The smoke and mirrors in my life surround money.

My entire adult life I have been in debt. Sometimes magnificently, other times just annoyingly and repetitively, just out of reach of solvency. I have lots of great reasons why. They have not helped me eradicate this “issue.” It is a weight. I play it off, “I’ll take care of it, but I’m not going to stop living just because I owe money on my credit cards.” There is so much truth in that last statement for me that I really can’t see my way around it.

Sitting still, denying myself experiences and working a job I hate feel like death to my spirit. I have done that.
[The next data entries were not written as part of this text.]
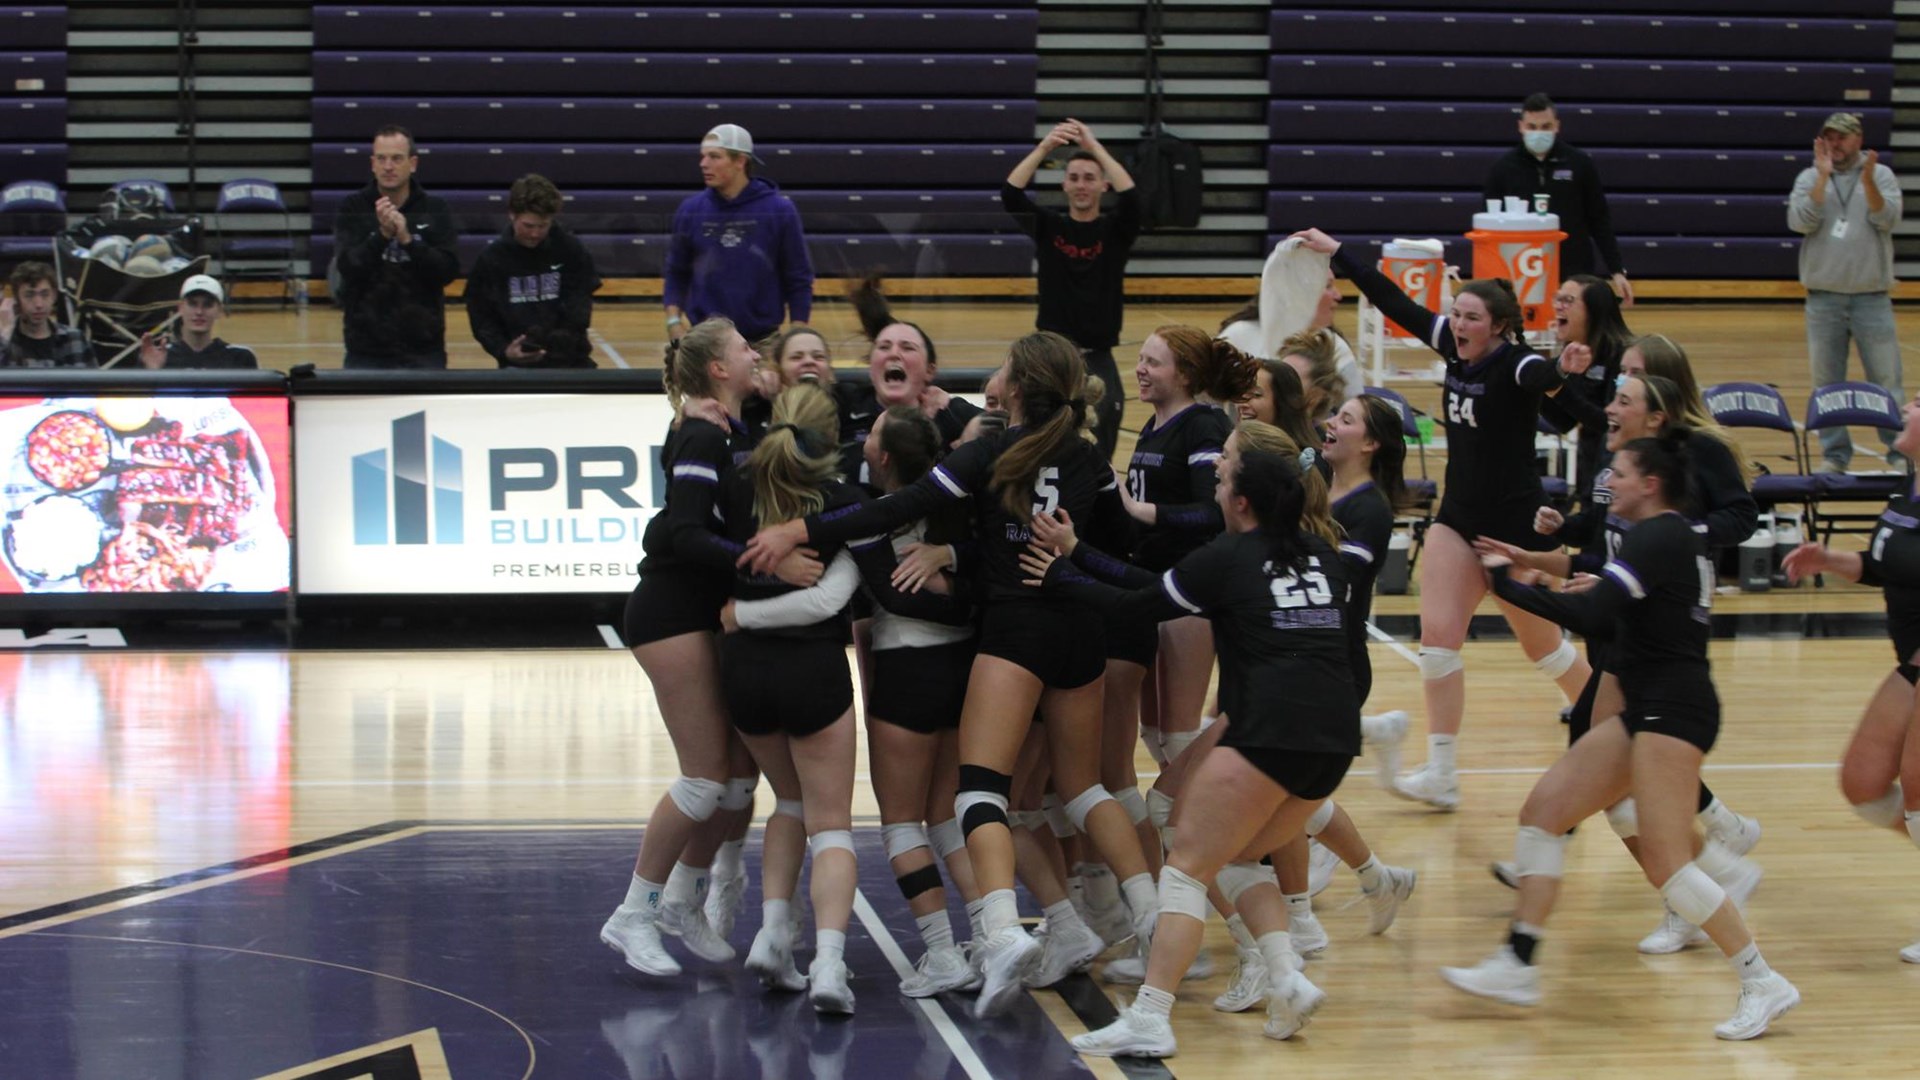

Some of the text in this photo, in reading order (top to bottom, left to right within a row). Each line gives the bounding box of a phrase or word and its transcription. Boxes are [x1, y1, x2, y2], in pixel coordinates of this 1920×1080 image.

[1518, 248, 1543, 277] G
[1404, 267, 1425, 290] G
[1448, 392, 1478, 428] 24
[1815, 390, 1890, 415] MOUNT UNION
[488, 445, 666, 511] PR
[1032, 467, 1059, 516] 5
[491, 517, 651, 544] BUILDI
[493, 563, 638, 577] PREMIERBU
[1262, 556, 1333, 608] 25
It feels completely unhealthy. Maybe being in debt isn’t a bad thing or a big deal. But if I am giving it this much energy and attention, it is a detrimental thing for me.

The option then, if I am truly genetically pre-disposed to indebtedness – and if my actual physical DNA is any indication, then yes, I am – is to make more money. The concept is so simple. I am of an age now where I can see how the income to debt ratio works. Got more money? Spend it. Stay stuck. No, just make more than you spend. Simple. In theory.
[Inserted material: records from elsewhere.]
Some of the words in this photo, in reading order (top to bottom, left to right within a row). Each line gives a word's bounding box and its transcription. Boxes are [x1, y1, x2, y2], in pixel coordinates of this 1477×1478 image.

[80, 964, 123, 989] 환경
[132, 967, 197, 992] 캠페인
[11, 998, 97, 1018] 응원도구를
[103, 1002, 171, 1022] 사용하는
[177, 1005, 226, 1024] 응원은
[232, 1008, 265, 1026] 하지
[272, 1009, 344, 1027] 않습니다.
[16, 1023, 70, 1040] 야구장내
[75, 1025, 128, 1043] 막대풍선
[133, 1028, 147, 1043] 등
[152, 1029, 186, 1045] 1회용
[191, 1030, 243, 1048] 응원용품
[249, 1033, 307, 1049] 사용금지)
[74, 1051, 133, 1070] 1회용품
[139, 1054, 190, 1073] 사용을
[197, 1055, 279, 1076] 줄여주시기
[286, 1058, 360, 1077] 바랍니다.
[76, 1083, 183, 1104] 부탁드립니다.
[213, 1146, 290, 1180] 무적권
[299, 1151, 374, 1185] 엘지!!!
Why then am I still in debt? How is staying at this level of “almost there” serving me? Do I feel I owe the world something? Do I feel I don’t deserve to go where I want when I want? Or is it deeper than that? Am I afraid that I will no longer be tethered to this life? Owing money creates a line of energy between me and that entity. If I’m solvent, I’m cut free. If being in debt has been part of my identity for as long as it has, who am I without it?

Here’s the more interesting question. If I were to pay everything off tomorrow – everything, all of it, credit cards, student loan, car – would anyone else see a difference in who they know me to be? I suspect on the face of it the answer is no. But if this act of financial freedom opens me up, then the answer is decidedly a yes. Or is it? Perhaps I project to the world the free Allison. Perhaps you are holding that space for me to move into it and you don’t even know it.

It comes down to fear. Letting go of the illusion of who I am. You and I do not see me the same way. You and I do not see you the same way. We are more than likely much more forgiving of each other. We accept the other as they are; appreciate the differences and intersections in the relationship. So I can’t use you. You can’t fix it. You can’t hurt it. You have nothing to do with it. Never did.

My fear, and I suspect yours as well, is stepping into my own power. It scares the shit out of me. In my mind it’s this huge, big, scary thing. But I think it’s not as big of deal as I make it out to be. It’s the monster under the bed that’s just forgotten clothes. It’s illusion.

Does this resonate? Wherever you see the word “debt” insert your obstacle. The “thing” could just as easily be weight or relationships or a disability or pick an issue. Pick an excuse. This could just as easily be you. Illusion is about seeing beyond the smoke and mirrors. It is identifying that very specific roadblock on the road to the bigger self and healing it. It’s trusting the process and knowing that maybe what has been a solid truth is actually the block. The illusion.

It is stepping into your personal power, my personal power and wearing it like the cape and tiara I deserve. It is owning the essence of me that I believe is hidden. But that’s an illusion too. You can already see it. I can see yours too.

So let’s make an agreement. Let’s continue to recognize that we only see each other because our bigger selves, our powerful selves, recognize each other. It can be no other way. We are all mirrors for each other. My bigger self salutes yours. You are wise and powerful and so I must be too if I see it in you.

So dear dragonflies, thank you for the messages and persistence. Thank you for the reminder that beliefs can be illusions too. I promise to continue the work if you promise to keep following me.

[Photo: You were expecting a dragonfly maybe? Not today, they won’t sit still, so instead I present to you magic grass, also known as Muhly grass. It is native to Florida and grows quite easily and heartily sprouting these magical pink feathers in the fall.]